Coverage is currently ~95% and the suite fails under 85% (enforced in CI). Tests cover the WMO mapping, unit mapping/conversion, cache-key derivation, normalization, retry-then-open-circuit behavior, and the endpoints (happy path, city-not-found, upstream 5xx-then-recovery, breaker-open fast-fail, cache hit/miss, Redis-down graceful degradation, and favorites/history CRUD scoped by client id).

Quality gates run locally and in CI:

uv run ruff check .
uv run ruff format --check .
uv run mypy .

What I would improve with more time

  • Real authentication (sessions or JWT) replacing the X-Client-Id stand-in.
  • Rate limiting and per-client quotas.
  • Distributed tracing (OpenTelemetry) and a Prometheus /metrics endpoint.
  • Request coalescing / single-flight to avoid cache stampedes on popular cities.
  • ETags / conditional requests for client-side caching.
  • Frontend tests (React Testing Library for components, Playwright for an end-to-end smoke flow) and a frontend coverage gate in CI.
  • Kubernetes manifests and a Helm chart alongside compose.
  • Internationalization of labels and condition descriptions.

Frontend

A dark editorial dashboard built with Next.js (App Router) + TypeScript + Tailwind CSS v4. It renders current conditions over a full-bleed, weather-driven background, a 7-day strip, a 24-hour strip, minimal amber/gold trend charts (temperature and precipitation), an air-quality panel, a unit toggle (°C/°F), a light/dark theme toggle (dark default), a debounced type-ahead city search (backed by /geocode, with keyboard navigation), recent searches, and favorites. An honest service-status dot polls /health.

On first load it requests browser geolocation and shows weather for the current location, falling back to NEXT_PUBLIC_DEFAULT_CITY (Tel Aviv) when permission is denied or unavailable.

Stack and conventions:

  • Next.js standalone output for a slim, non-root production container (node server.js), served on port 3000.
  • Tailwind v4 with CSS-based config. All theme tokens, the color palette (CSS variables, dark default), and the project's custom max-width breakpoints live in an @theme block in app/globals.css. There is no tailwind.config.js. Layout is flexbox only.
  • Typed API client (lib/api.ts) reads NEXT_PUBLIC_API_BASE_URL; the backend host is never hardcoded in components.
  • Auth-free client id. A UUID is generated once and stored in localStorage, then sent as X-Client-Id on favorites and history requests.
  • Single-source WMO mapping. The backend owns the weather-code to category map and returns the category; the frontend only maps that category to a committed background image (with a per-category gradient fallback) in lib/wmo.ts, so the mapping is never duplicated.

Layout:

frontend/
  app/        layout, global stylesheet (@theme), page
  components/ dashboard, sidebar, hero, forecasts, charts, air quality, toggles
  hooks/      useWeatherApp (state), useHealth, useTheme
  lib/        api client, types, client id, wmo visuals, formatting
  public/backgrounds/  one dark image per condition category (gradient fallback)

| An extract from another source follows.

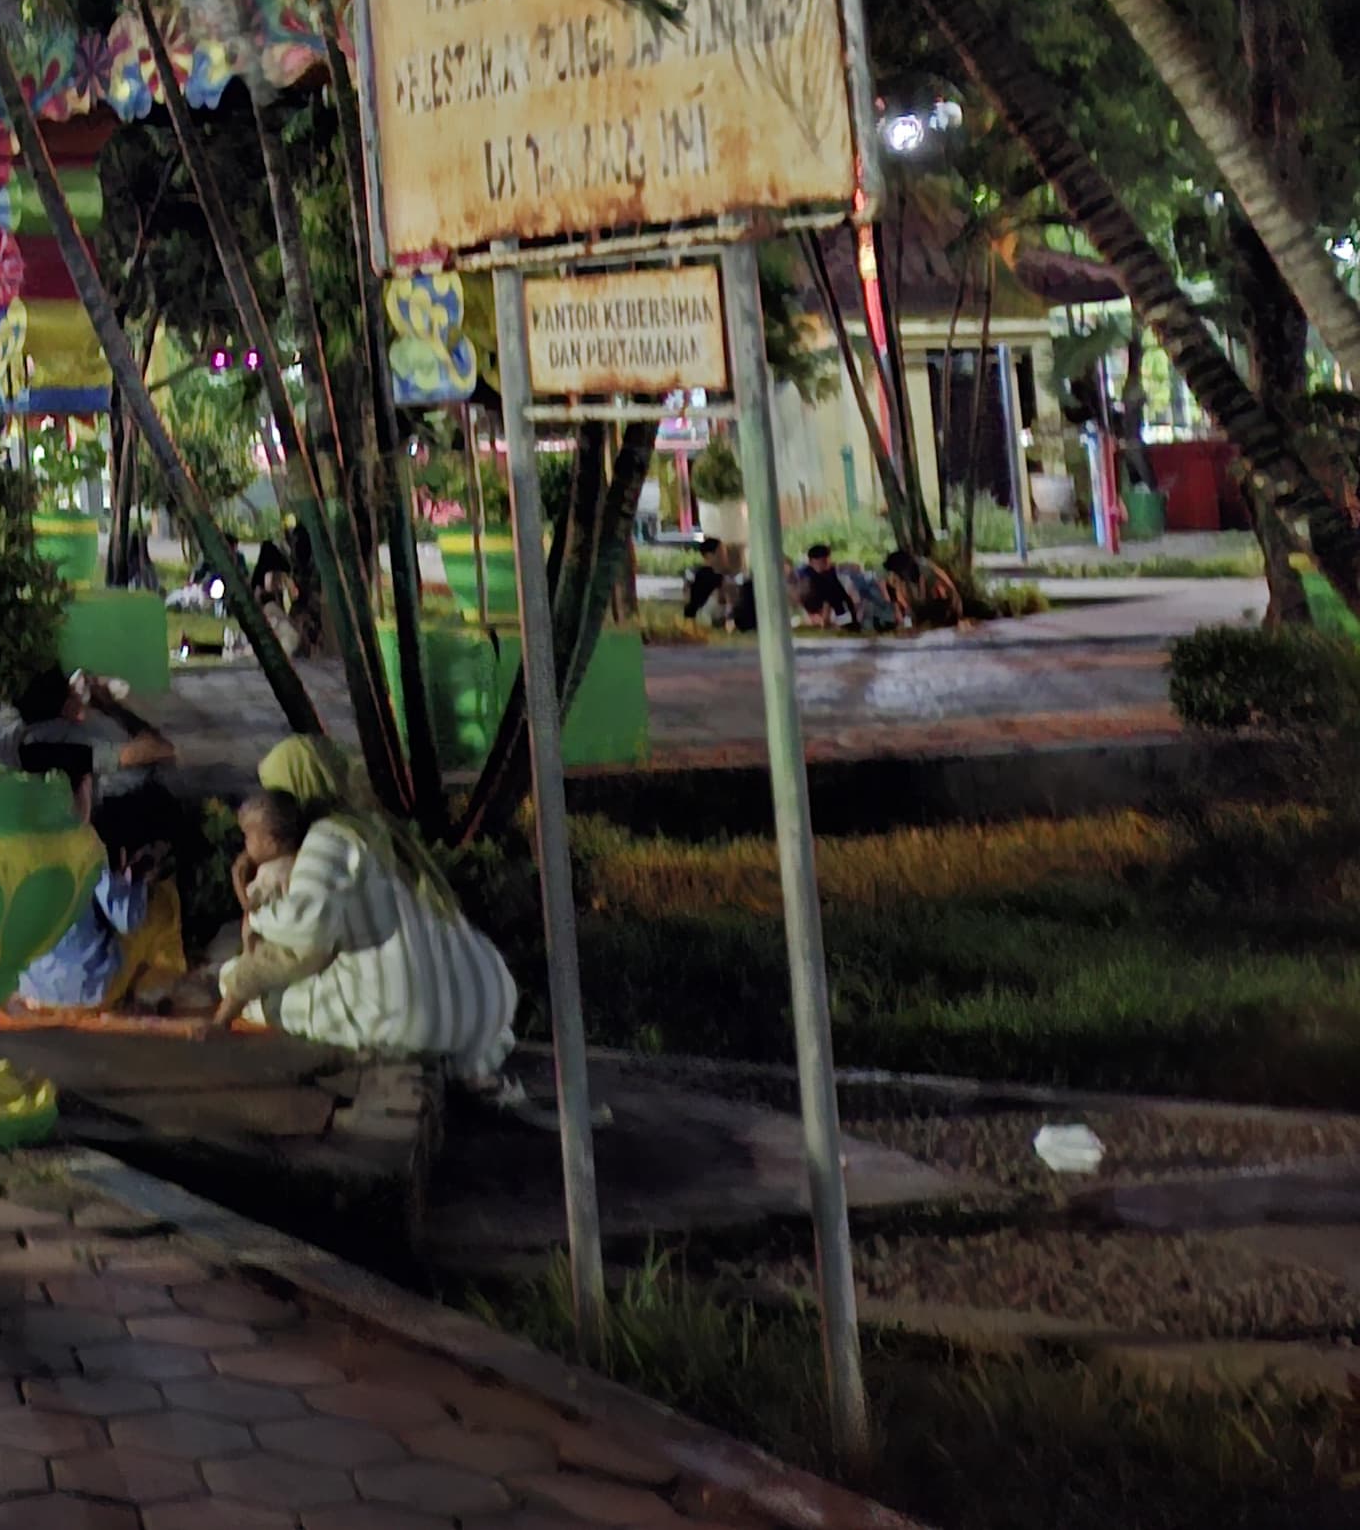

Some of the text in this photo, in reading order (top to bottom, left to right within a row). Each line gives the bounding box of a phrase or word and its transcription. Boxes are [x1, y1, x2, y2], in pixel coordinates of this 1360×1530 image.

[603, 295, 713, 329] KEBERSIHAN
[548, 336, 700, 368] DAN PERTAMANAN
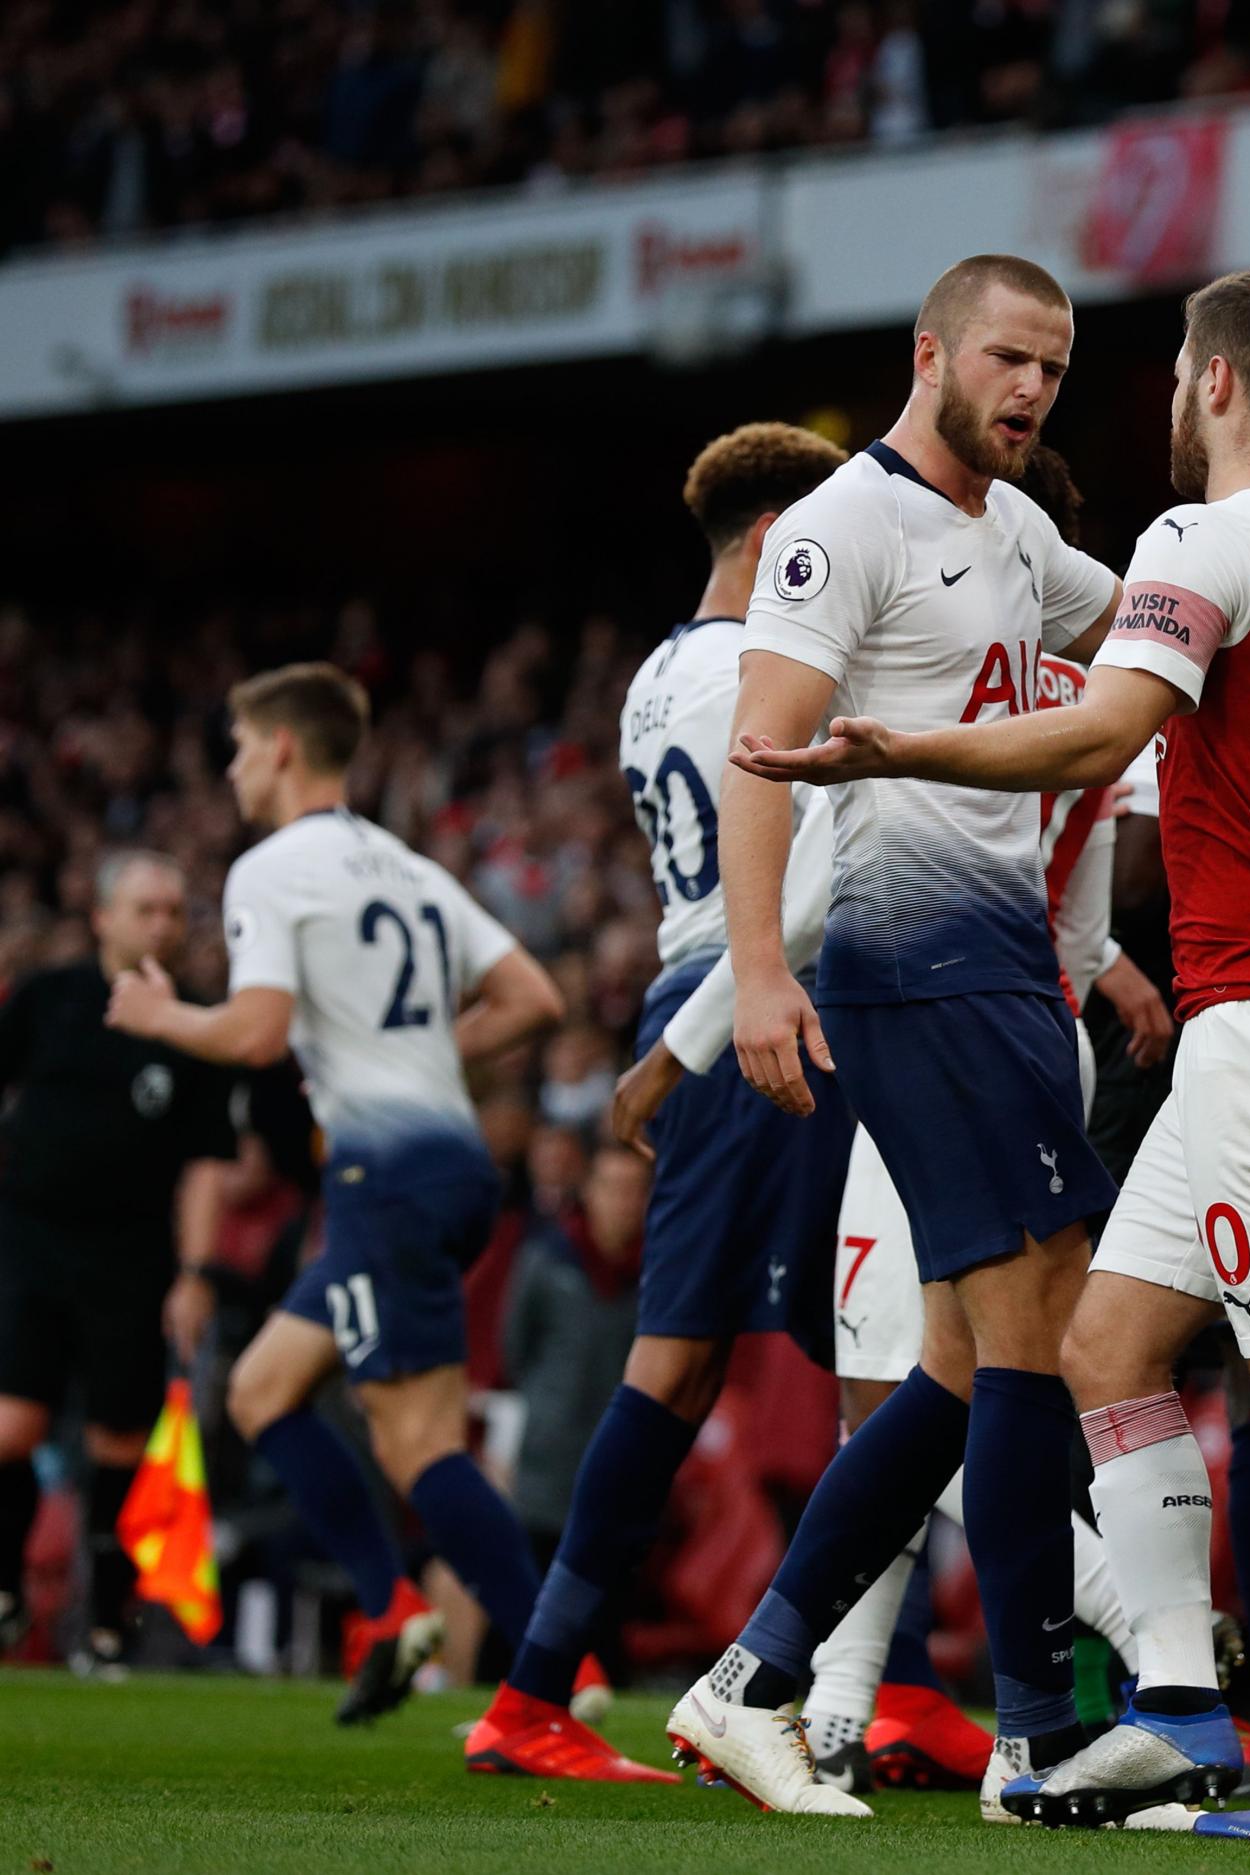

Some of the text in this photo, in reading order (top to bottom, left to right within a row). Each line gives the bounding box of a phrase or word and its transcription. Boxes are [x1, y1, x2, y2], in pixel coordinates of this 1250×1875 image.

Weather background images are static and committed (one per WMO condition category) and served from public/backgrounds/. Until images are added the UI falls back to a per-category gradient, so it works out of the box. See frontend/public/backgrounds/README.md for the expected filenames.

Attribution

  • Weather and air-quality data by Open-Meteo.com, licensed CC BY 4.0.
  • Weather background images are credited here per image once added to frontend/public/backgrounds/.